JOHN FUND ON THE TRAIL
Kerry's Other War Record
His antiwar activities deserve more scrutiny from the press.

Taken from the Wall Street Journal, Monday, March 29, 2004 12:01 a.m. EST

John Kerry mentions his service in Vietnam so frequently that it has become a running joke on the campaign press plane. He seldom if ever mentions his postwar activities as a national coordinator and principal spokesman for Vietnam Veterans Against the War, a group he says he quit in 1971 because he was concerned about its radical agenda. One reason may be that a credibility gap has started to widen over his antiwar history, and he clearly doesn't want to discuss it at length. His campaign is issuing misleading and evasive statements on his antiwar service in a way that would do the Pentagon spinners of the Johnson and Nixon administrations proud.
In fact, Mr. Kerry acts as if he can't remember much about the VVAW at all. This month his campaign several times said he "never, ever" attended a Kansas City meeting of antiwar leadership where members discussed and voted on an assassination plot against pro-war U.S. senators. Then, when confronted with FBI surveillance records of the meeting, the campaign acknowledged his presence as "an historical footnote." Mr. Kerry told a Boston radio station the whole story was "such ancient history." It was time to move on.
Not so fast. Mr. Kerry's campaign has done more than contradict itself. It has been in full coverup mode. John Musgrave, one of the six witnesses who placed Mr. Kerry at the Kansas City meeting, says the head of Veterans for Kerry, John Hurley, called him twice and pressured him to change the story he had already told a Kansas City Star reporter about the 1971 meeting.
According to Mr. Musgrave, Mr. Hurley told him that the senator "was definitely not in Kansas City." The New York Sun reports that Mr. Musgrave, who received three Purple Hearts in Vietnam, told Mr. Hurley that "I remember what I remember." Mr. Hurley then said, "Why don't you refresh your memory and call that reporter back?" Mr. Hurley says he thinks Mr. Musgrave is mistaken and was simply insisting Mr. Musgrave be very sure of his recollection. "I would apologize to John Musgrave if he thought in any way I was pressuring him," he told the Kansas City Star.
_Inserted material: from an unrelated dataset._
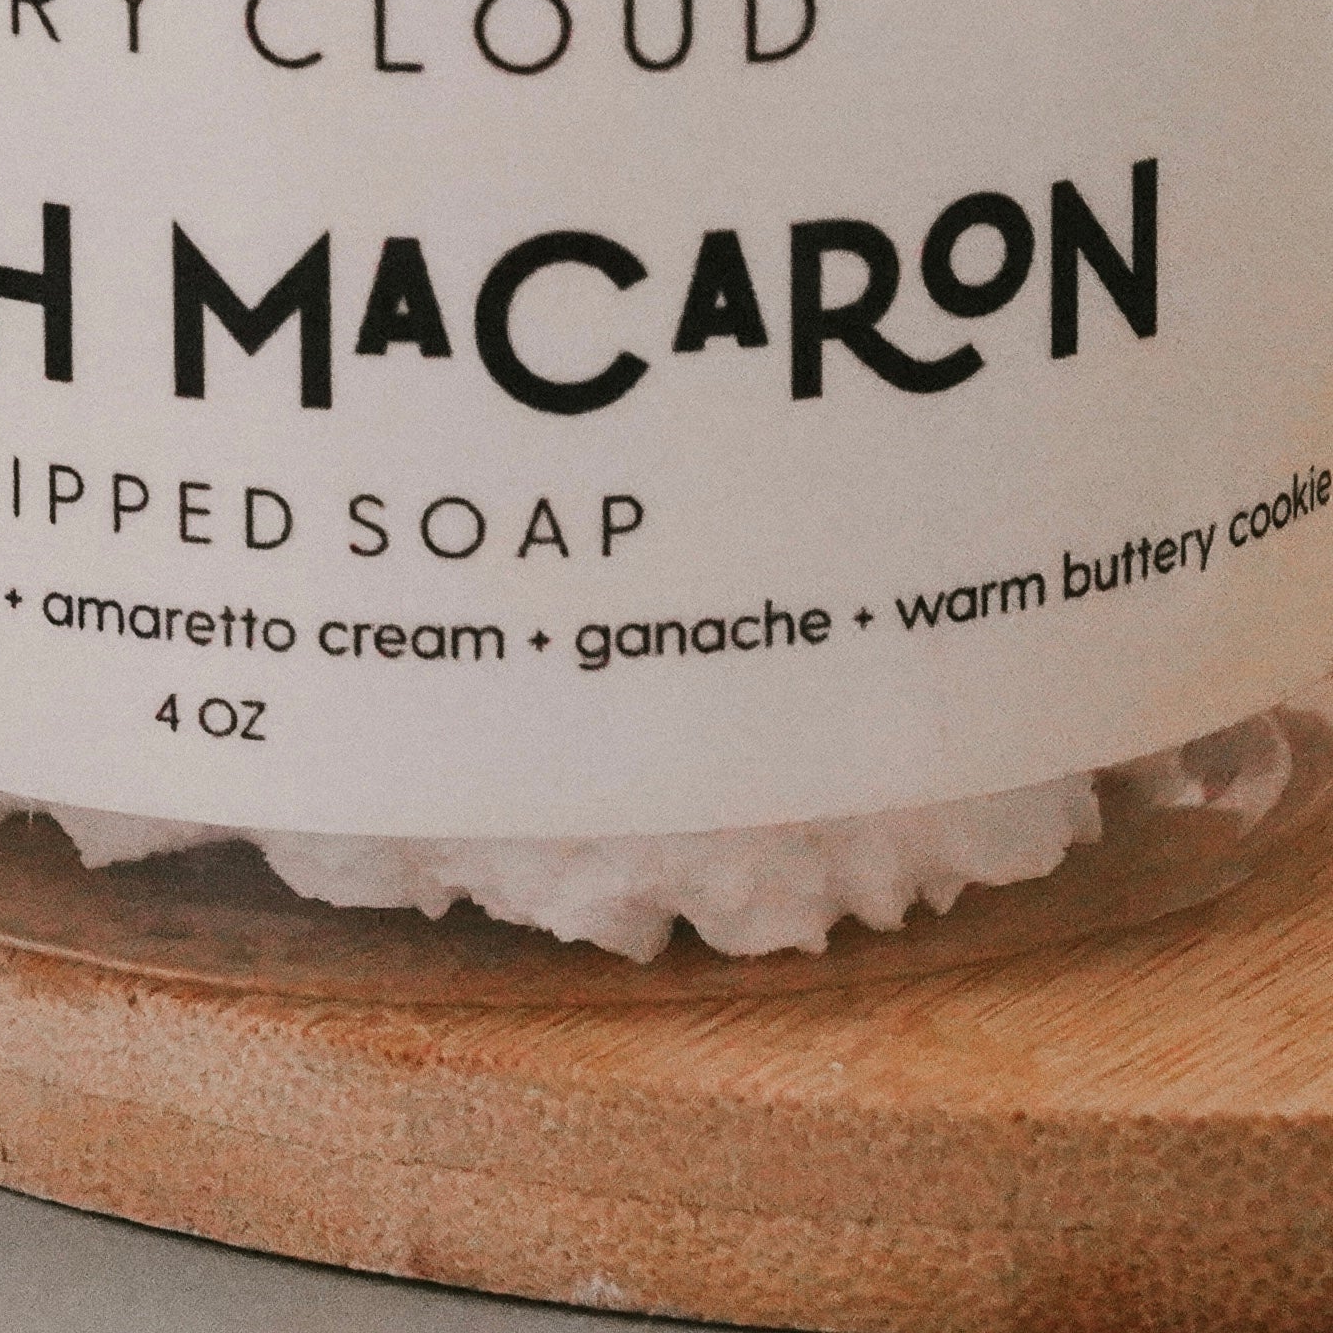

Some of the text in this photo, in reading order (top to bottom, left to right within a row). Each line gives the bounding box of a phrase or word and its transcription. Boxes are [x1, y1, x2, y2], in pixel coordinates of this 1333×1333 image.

There's another reason the issue shouldn't just die. Last month Democratic chairman Terry McAuliffe gave the party's imprimatur to the claim that George W. Bush's had gone AWOL during his Vietnam-era service in the Air National Guard. Earlier, a supporter of then-candidate Wesley Clark had accused Mr. Bush of desertion, a felony.
Reporters spent days hounding White House spokesmen for records on the subject. In the end, it became clear that Mr. Bush chose to serve stateside during the war, was lax in attending guard duty during his last year, and had to feverishly make it up before he was honorably discharged. It's clear President Bush doesn't want to talk about his service, but reporters pressed for answers anyway.
It's time they do the same for Mr. Kerry, who has laid down his actions in the Vietnam era as a marker for his character and, according to the Boston Globe, has refused to release his military records. Instead, Jack Kelly, a respected military columnist for the Pittsburgh Post-Gazette, believes many journalists are "more interested in defeating President Bush than in providing readers with potentially important information which reflects poorly on Sen. John Kerry."

Mr. Kerry burst onto the national political stage in 1969 when he returned from Vietnam after receiving a Silver Star and a Bronze Star for heroism in combat. The New York Times reported that Mr. Kerry had "asked for, and been given, an early release from the Navy so he could run for Congress on an antiwar platform." He unsuccessfully sought election in two different Massachusetts districts, in 1970 and 1972. The Globe reported that in the space of two months in early 1972 he lived in three congressional districts while deciding where to run.
In April 1971, Mr. Kerry captivated television audiences with his testimony before the Senate Foreign Relations Committee. His testimony went far beyond the now-uncontroversial position that Vietnam was a mistake. Mr. Kerry took a benign view of the Viet Cong and urged immediate withdrawal.
He told the senators that American servicemen had committed atrocities, including the razing of villages "in fashion reminiscent of Genghis Khan." These were not isolated incidents, Mr. Kerry claimed, but happened "on a day-to-day basis with the full awareness of officers at all levels of command." He said that 200,000 Vietnamese a year were "murdered by the United States of America."
A Kerry spokesman now distances the candidate from the word "murdered," saying he "never suggested or believed and absolutely rejects the idea that the word applied to service of the American soldiers in Vietnam." But as the New Hampshire Sunday News put it, if he wasn't saying U.S. soldiers murdered 200,000 people a year, then who in the world could he have meant? The USO?
Mr. Kerry now says he was relying on the "highly documented and highly disturbing" stories he heard at a Detroit conference funded by Jane Fonda. The Naval Investigative Service later found that some of the most grisly testimony there was given by false witnesses.
Even Daniel Ellsberg, the famous leaker of the Pentagon Papers, rejected the argument that the most horrible U.S. atrocity in Vietnam, My Lai, was in any way a normal event. But Mr. Kerry spent over a year rehashing the Detroit hearsay allegations in speeches and on national television even though he had no personal knowledge of the events.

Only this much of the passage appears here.